Mozilla 2000070209, Linux 2.2.14 i686, RedHat 6.1 When attempting to download the latest Mozilla Linux build via HTTP, the "Unknown File Type" dialog tells me the type is "application/x-tar"; when I then try to download, after about 9% of the file has been fetched, NSGetModule goes into an infinte recursion, crashing after recursing about 55,000 times. If I try downloading exactly the same file with FTP, I get MIME type being "application/gzip", and the file is fetched with no problem. This might have something to do with bug 35956.
It seems that this isn't just a MIME types thing.

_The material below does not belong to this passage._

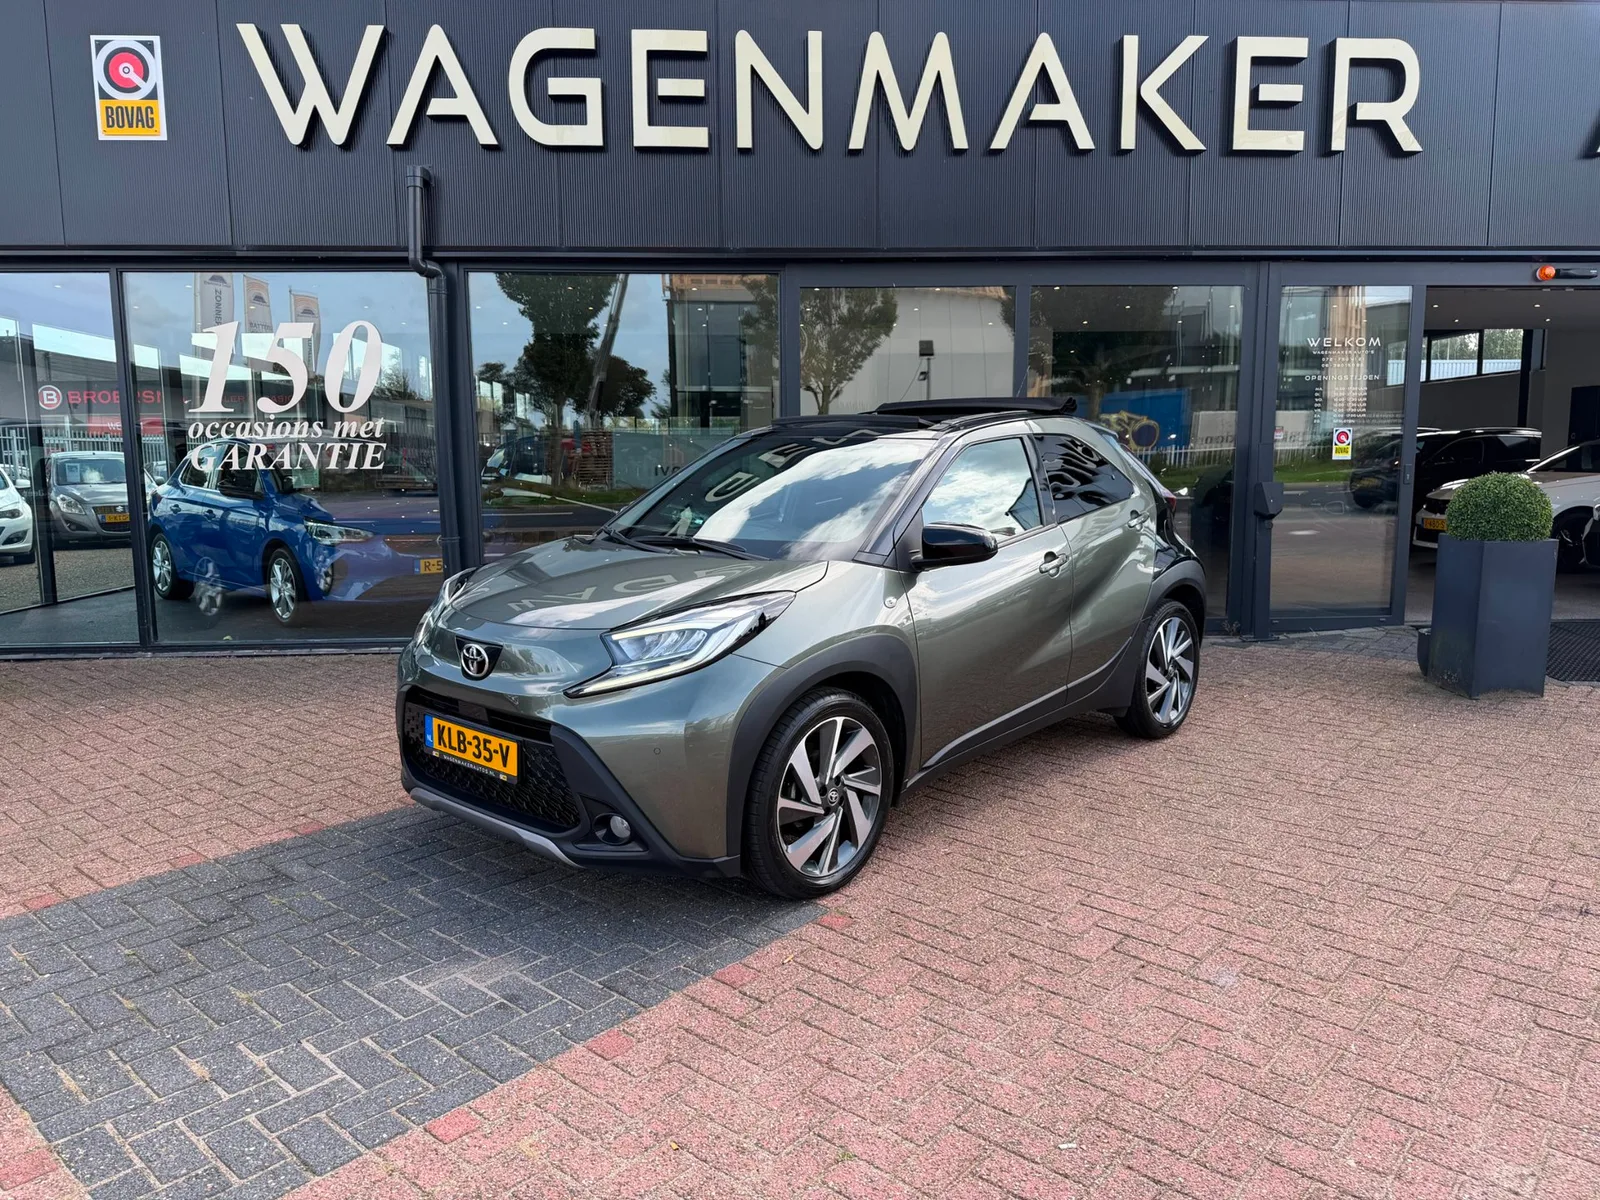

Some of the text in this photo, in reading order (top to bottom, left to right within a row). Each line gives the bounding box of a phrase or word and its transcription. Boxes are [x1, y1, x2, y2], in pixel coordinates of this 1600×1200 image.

Another way to reproude is: 1) Go to http://www.nizkor.org/ 2) On the righthand-column, click on "People A to Z" 3) Click on "H" 4) Click on "Hoess, Rudolph" 5) Sit there for a while. I really have no clue what's causing this. I also got the same thing on a Bugzilla report result a few minutes ago.
Summary: gzip <-> x-tar MIME type confusion leads to crash → NSGetModule() goes into infinite recursion
updating component and setting default owner.
Assignee: asa → gagan,ruslan
Component: Browser-General → Networking
QA Contact: doronr → tever
Looks like unknown handler problem
Assignee: gagan,ruslan → mscott
Hmm this sounds bad...nsbeta2?
Keywords: nsbeta2
I recommend a + for nsbeta2.
Hmmm I folllowed the nizkor.org example and it worked fine for me on a windows build from 7/6. either this got fixed or it really is linux only. I haven't tried on linux yet.
Hmm it works on linux for me too.
downloading a nightly build using http on linux also works for me. Sounds like whatever was causing the problem has been fixed.
The problem seems to have been caused by an old version of cache.db in my profile; when I recreated my profile, the problem went away. Using the debug compile, I saw that the message "Error: RecordID not in DB" was being constantly repeated on pages that crashed; this is from method nsNetDiskCache::GetCachedNetDataByID() of file ./netwerk/cache/filecache/nsNetDiskCache.cpp. The NSGetModule() recursion was happening with the NSGetModule of libnecko.so. I tried adding debugging statements that would figure out what was going on, but when I did it looked like NSGetModule() was never being called recrusively before the crash (I don't have enough memory to use gdb on the debug build).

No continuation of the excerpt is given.